* **GOAL OF THE EXERCISE**
For each entry that follows, produce an exact copy.

■ ■ ■ ■ ■ ■ ■

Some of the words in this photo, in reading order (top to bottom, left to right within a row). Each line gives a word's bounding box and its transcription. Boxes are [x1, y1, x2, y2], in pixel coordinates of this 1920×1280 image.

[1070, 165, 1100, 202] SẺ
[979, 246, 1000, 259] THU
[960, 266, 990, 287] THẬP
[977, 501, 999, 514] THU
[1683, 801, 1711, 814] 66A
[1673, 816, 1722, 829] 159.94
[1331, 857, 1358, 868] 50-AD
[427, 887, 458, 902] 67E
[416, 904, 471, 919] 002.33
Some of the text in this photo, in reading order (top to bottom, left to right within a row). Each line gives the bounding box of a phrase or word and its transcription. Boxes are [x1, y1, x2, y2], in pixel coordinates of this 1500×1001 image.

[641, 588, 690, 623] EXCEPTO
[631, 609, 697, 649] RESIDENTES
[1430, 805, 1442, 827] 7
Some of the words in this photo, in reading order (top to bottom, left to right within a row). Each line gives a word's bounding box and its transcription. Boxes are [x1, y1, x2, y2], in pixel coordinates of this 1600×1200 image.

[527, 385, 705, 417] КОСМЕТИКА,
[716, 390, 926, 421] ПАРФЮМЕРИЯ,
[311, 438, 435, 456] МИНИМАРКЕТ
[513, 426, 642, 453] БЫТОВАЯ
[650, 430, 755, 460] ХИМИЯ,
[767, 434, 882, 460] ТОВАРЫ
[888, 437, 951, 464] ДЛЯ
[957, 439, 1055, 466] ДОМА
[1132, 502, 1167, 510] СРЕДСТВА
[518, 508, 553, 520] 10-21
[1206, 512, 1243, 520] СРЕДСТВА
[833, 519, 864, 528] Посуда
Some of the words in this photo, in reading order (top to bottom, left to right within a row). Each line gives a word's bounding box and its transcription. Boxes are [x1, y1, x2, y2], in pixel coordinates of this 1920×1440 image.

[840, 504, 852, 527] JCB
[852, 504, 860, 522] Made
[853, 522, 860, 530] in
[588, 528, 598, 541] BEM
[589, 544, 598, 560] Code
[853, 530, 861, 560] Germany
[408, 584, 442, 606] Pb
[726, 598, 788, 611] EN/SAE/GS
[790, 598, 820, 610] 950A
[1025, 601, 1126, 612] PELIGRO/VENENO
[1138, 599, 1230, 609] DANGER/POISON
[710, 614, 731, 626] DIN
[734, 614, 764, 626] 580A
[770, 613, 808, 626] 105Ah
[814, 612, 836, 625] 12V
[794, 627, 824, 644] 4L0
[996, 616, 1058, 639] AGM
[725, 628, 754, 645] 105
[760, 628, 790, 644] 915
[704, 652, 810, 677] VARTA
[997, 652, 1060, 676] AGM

■ ■ ■ ■ ■ ■ ■

* **EXERCISE RESPONSE**
Some of the words in this photo, in reading order (top to bottom, left to right within a row). Each line gives a word's bounding box and its transcription. Boxes are [x1, y1, x2, y2], in pixel coordinates of this 1920×1280 image.

[1070, 165, 1100, 202] SẺ
[979, 246, 1000, 259] THU
[960, 266, 990, 287] THẬP
[977, 501, 999, 514] THU
[1683, 801, 1711, 814] 66A
[1673, 816, 1722, 829] 159.94
[1331, 857, 1358, 868] 50-AD
[427, 887, 458, 902] 67E
[416, 904, 471, 919] 002.33
Some of the text in this photo, in reading order (top to bottom, left to right within a row). Each line gives the bounding box of a phrase or word and its transcription. Boxes are [x1, y1, x2, y2], in pixel coordinates of this 1500×1001 image.

[641, 588, 690, 623] EXCEPTO
[631, 609, 697, 649] RESIDENTES
[1430, 805, 1442, 827] 7
Some of the words in this photo, in reading order (top to bottom, left to right within a row). Each line gives a word's bounding box and its transcription. Boxes are [x1, y1, x2, y2], in pixel coordinates of this 1600×1200 image.

[527, 385, 705, 417] КОСМЕТИКА,
[716, 390, 926, 421] ПАРФЮМЕРИЯ,
[311, 438, 435, 456] МИНИМАРКЕТ
[513, 426, 642, 453] БЫТОВАЯ
[650, 430, 755, 460] ХИМИЯ,
[767, 434, 882, 460] ТОВАРЫ
[888, 437, 951, 464] ДЛЯ
[957, 439, 1055, 466] ДОМА
[1132, 502, 1167, 510] СРЕДСТВА
[518, 508, 553, 520] 10-21
[1206, 512, 1243, 520] СРЕДСТВА
[833, 519, 864, 528] Посуда
Some of the words in this photo, in reading order (top to bottom, left to right within a row). Each line gives a word's bounding box and its transcription. Boxes are [x1, y1, x2, y2], in pixel coordinates of this 1920×1440 image.

[840, 504, 852, 527] JCB
[852, 504, 860, 522] Made
[853, 522, 860, 530] in
[588, 528, 598, 541] BEM
[589, 544, 598, 560] Code
[853, 530, 861, 560] Germany
[408, 584, 442, 606] Pb
[726, 598, 788, 611] EN/SAE/GS
[790, 598, 820, 610] 950A
[1025, 601, 1126, 612] PELIGRO/VENENO
[1138, 599, 1230, 609] DANGER/POISON
[710, 614, 731, 626] DIN
[734, 614, 764, 626] 580A
[770, 613, 808, 626] 105Ah
[814, 612, 836, 625] 12V
[794, 627, 824, 644] 4L0
[996, 616, 1058, 639] AGM
[725, 628, 754, 645] 105
[760, 628, 790, 644] 915
[704, 652, 810, 677] VARTA
[997, 652, 1060, 676] AGM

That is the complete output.